_What is needed:_
Print the data again, exactly.

[Stored records]
-- Opening Marker --

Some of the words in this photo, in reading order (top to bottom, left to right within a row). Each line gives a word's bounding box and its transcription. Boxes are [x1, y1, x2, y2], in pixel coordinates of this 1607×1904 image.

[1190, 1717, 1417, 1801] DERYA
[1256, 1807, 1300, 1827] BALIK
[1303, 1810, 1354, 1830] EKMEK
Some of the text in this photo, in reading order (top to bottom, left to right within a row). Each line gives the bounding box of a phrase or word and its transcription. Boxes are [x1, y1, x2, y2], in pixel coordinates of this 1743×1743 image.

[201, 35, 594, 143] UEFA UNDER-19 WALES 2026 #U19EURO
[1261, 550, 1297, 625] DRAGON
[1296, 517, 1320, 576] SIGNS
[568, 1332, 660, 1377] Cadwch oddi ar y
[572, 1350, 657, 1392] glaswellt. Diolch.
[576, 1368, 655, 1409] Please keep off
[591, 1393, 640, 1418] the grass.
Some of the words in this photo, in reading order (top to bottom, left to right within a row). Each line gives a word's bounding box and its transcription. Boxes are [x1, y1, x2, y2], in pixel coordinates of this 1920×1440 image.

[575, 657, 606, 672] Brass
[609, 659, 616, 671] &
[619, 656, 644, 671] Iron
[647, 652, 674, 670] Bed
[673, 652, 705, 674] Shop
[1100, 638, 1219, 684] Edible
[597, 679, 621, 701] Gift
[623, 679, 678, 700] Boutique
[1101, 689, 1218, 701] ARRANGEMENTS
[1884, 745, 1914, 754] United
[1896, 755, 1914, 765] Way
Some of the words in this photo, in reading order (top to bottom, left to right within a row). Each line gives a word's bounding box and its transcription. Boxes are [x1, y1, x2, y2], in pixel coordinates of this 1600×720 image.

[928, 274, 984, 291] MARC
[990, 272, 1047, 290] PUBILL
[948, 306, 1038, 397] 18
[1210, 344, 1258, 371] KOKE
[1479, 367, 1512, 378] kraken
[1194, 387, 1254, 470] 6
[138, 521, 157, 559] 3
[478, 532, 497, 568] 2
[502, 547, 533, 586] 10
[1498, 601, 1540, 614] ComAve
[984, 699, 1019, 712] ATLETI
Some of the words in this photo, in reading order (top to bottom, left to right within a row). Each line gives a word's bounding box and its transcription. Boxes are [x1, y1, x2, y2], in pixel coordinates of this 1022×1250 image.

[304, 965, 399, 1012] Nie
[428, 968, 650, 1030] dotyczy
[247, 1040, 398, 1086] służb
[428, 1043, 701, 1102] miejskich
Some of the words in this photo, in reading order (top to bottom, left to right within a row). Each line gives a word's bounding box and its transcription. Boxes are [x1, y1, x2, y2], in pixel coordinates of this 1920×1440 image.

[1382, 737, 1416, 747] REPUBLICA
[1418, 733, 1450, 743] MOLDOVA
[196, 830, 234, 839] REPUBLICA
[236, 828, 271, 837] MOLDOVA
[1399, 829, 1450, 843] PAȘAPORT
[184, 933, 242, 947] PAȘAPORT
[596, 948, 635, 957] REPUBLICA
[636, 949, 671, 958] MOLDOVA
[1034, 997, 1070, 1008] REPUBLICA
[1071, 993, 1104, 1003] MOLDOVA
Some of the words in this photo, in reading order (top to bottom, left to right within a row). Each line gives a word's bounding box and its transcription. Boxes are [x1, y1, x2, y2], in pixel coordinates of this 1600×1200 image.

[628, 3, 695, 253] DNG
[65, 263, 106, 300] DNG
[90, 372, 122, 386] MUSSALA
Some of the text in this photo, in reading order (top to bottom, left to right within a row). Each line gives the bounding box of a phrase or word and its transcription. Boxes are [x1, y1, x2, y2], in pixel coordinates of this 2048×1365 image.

-- Closing Marker --

_Exercise response:_
Some of the words in this photo, in reading order (top to bottom, left to right within a row). Each line gives a word's bounding box and its transcription. Boxes are [x1, y1, x2, y2], in pixel coordinates of this 1607×1904 image.

[1190, 1717, 1417, 1801] DERYA
[1256, 1807, 1300, 1827] BALIK
[1303, 1810, 1354, 1830] EKMEK
Some of the text in this photo, in reading order (top to bottom, left to right within a row). Each line gives the bounding box of a phrase or word and its transcription. Boxes are [x1, y1, x2, y2], in pixel coordinates of this 1743×1743 image.

[201, 35, 594, 143] UEFA UNDER-19 WALES 2026 #U19EURO
[1261, 550, 1297, 625] DRAGON
[1296, 517, 1320, 576] SIGNS
[568, 1332, 660, 1377] Cadwch oddi ar y
[572, 1350, 657, 1392] glaswellt. Diolch.
[576, 1368, 655, 1409] Please keep off
[591, 1393, 640, 1418] the grass.
Some of the words in this photo, in reading order (top to bottom, left to right within a row). Each line gives a word's bounding box and its transcription. Boxes are [x1, y1, x2, y2], in pixel coordinates of this 1920×1440 image.

[575, 657, 606, 672] Brass
[609, 659, 616, 671] &
[619, 656, 644, 671] Iron
[647, 652, 674, 670] Bed
[673, 652, 705, 674] Shop
[1100, 638, 1219, 684] Edible
[597, 679, 621, 701] Gift
[623, 679, 678, 700] Boutique
[1101, 689, 1218, 701] ARRANGEMENTS
[1884, 745, 1914, 754] United
[1896, 755, 1914, 765] Way
Some of the words in this photo, in reading order (top to bottom, left to right within a row). Each line gives a word's bounding box and its transcription. Boxes are [x1, y1, x2, y2], in pixel coordinates of this 1600×720 image.

[928, 274, 984, 291] MARC
[990, 272, 1047, 290] PUBILL
[948, 306, 1038, 397] 18
[1210, 344, 1258, 371] KOKE
[1479, 367, 1512, 378] kraken
[1194, 387, 1254, 470] 6
[138, 521, 157, 559] 3
[478, 532, 497, 568] 2
[502, 547, 533, 586] 10
[1498, 601, 1540, 614] ComAve
[984, 699, 1019, 712] ATLETI
Some of the words in this photo, in reading order (top to bottom, left to right within a row). Each line gives a word's bounding box and its transcription. Boxes are [x1, y1, x2, y2], in pixel coordinates of this 1022×1250 image.

[304, 965, 399, 1012] Nie
[428, 968, 650, 1030] dotyczy
[247, 1040, 398, 1086] służb
[428, 1043, 701, 1102] miejskich
Some of the words in this photo, in reading order (top to bottom, left to right within a row). Each line gives a word's bounding box and its transcription. Boxes are [x1, y1, x2, y2], in pixel coordinates of this 1920×1440 image.

[1382, 737, 1416, 747] REPUBLICA
[1418, 733, 1450, 743] MOLDOVA
[196, 830, 234, 839] REPUBLICA
[236, 828, 271, 837] MOLDOVA
[1399, 829, 1450, 843] PAȘAPORT
[184, 933, 242, 947] PAȘAPORT
[596, 948, 635, 957] REPUBLICA
[636, 949, 671, 958] MOLDOVA
[1034, 997, 1070, 1008] REPUBLICA
[1071, 993, 1104, 1003] MOLDOVA
Some of the words in this photo, in reading order (top to bottom, left to right within a row). Each line gives a word's bounding box and its transcription. Boxes are [x1, y1, x2, y2], in pixel coordinates of this 1600×1200 image.

[628, 3, 695, 253] DNG
[65, 263, 106, 300] DNG
[90, 372, 122, 386] MUSSALA
Some of the text in this photo, in reading order (top to bottom, left to right within a row). Each line gives the bounding box of a phrase or word and its transcription. Boxes are [x1, y1, x2, y2], in pixel coordinates of this 2048×1365 image.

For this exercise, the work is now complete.